::: EXERCISE INPUT :::

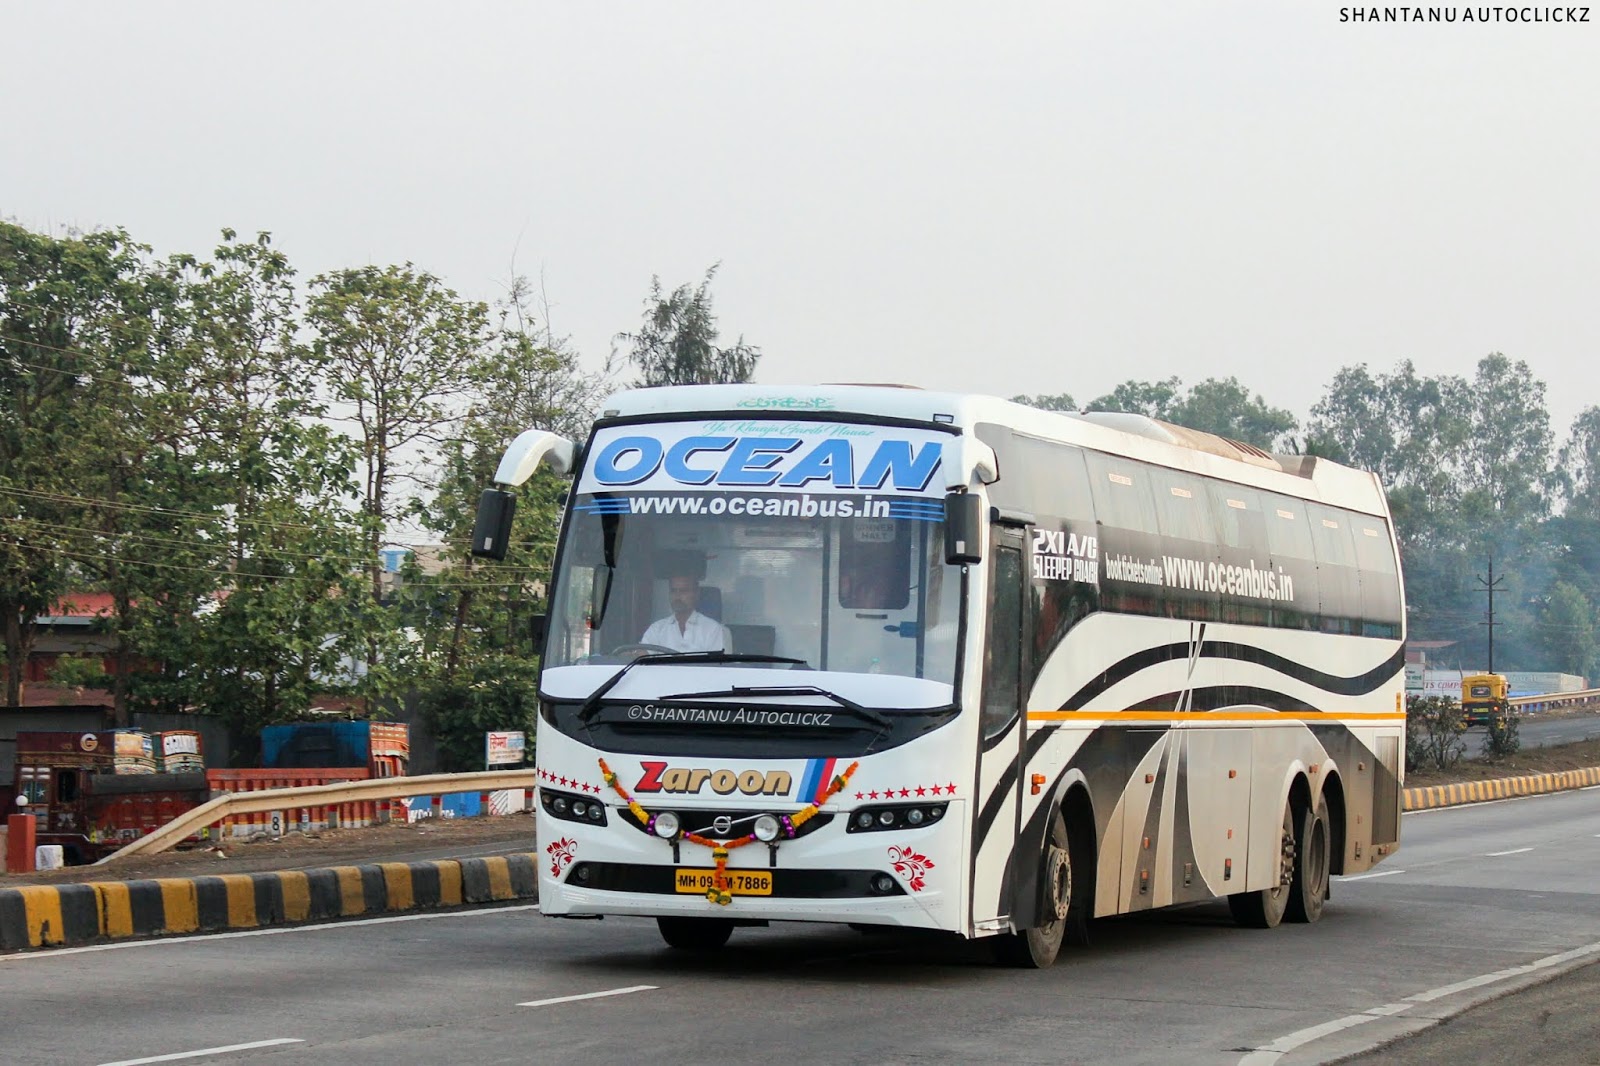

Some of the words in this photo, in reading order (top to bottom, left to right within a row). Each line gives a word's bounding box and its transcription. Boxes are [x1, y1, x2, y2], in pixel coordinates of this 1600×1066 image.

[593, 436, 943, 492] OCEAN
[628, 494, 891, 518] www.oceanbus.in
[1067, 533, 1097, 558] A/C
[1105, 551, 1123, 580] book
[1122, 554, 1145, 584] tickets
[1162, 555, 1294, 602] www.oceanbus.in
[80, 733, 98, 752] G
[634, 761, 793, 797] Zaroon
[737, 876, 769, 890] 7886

:::

**AIM OF THE EXERCISE:** From the first record above to the last, output each one exactly and omit the pictures.

**REPLY:**
Some of the words in this photo, in reading order (top to bottom, left to right within a row). Each line gives a word's bounding box and its transcription. Boxes are [x1, y1, x2, y2], in pixel coordinates of this 1600×1066 image.

[593, 436, 943, 492] OCEAN
[628, 494, 891, 518] www.oceanbus.in
[1067, 533, 1097, 558] A/C
[1105, 551, 1123, 580] book
[1122, 554, 1145, 584] tickets
[1162, 555, 1294, 602] www.oceanbus.in
[80, 733, 98, 752] G
[634, 761, 793, 797] Zaroon
[737, 876, 769, 890] 7886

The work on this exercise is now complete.